(Exercise details): Copy all records verbatim.

BEGIN Data extract

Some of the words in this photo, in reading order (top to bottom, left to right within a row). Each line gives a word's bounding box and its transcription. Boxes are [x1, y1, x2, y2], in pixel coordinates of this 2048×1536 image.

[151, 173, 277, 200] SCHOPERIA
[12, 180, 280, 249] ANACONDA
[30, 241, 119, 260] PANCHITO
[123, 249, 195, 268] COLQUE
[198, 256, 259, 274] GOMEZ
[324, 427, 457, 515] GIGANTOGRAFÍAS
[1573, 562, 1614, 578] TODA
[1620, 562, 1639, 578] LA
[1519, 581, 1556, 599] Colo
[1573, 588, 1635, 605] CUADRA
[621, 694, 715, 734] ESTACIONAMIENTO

END Data extract

(Solution for this task):
Some of the words in this photo, in reading order (top to bottom, left to right within a row). Each line gives a word's bounding box and its transcription. Boxes are [x1, y1, x2, y2], in pixel coordinates of this 2048×1536 image.

[151, 173, 277, 200] SCHOPERIA
[12, 180, 280, 249] ANACONDA
[30, 241, 119, 260] PANCHITO
[123, 249, 195, 268] COLQUE
[198, 256, 259, 274] GOMEZ
[324, 427, 457, 515] GIGANTOGRAFÍAS
[1573, 562, 1614, 578] TODA
[1620, 562, 1639, 578] LA
[1519, 581, 1556, 599] Colo
[1573, 588, 1635, 605] CUADRA
[621, 694, 715, 734] ESTACIONAMIENTO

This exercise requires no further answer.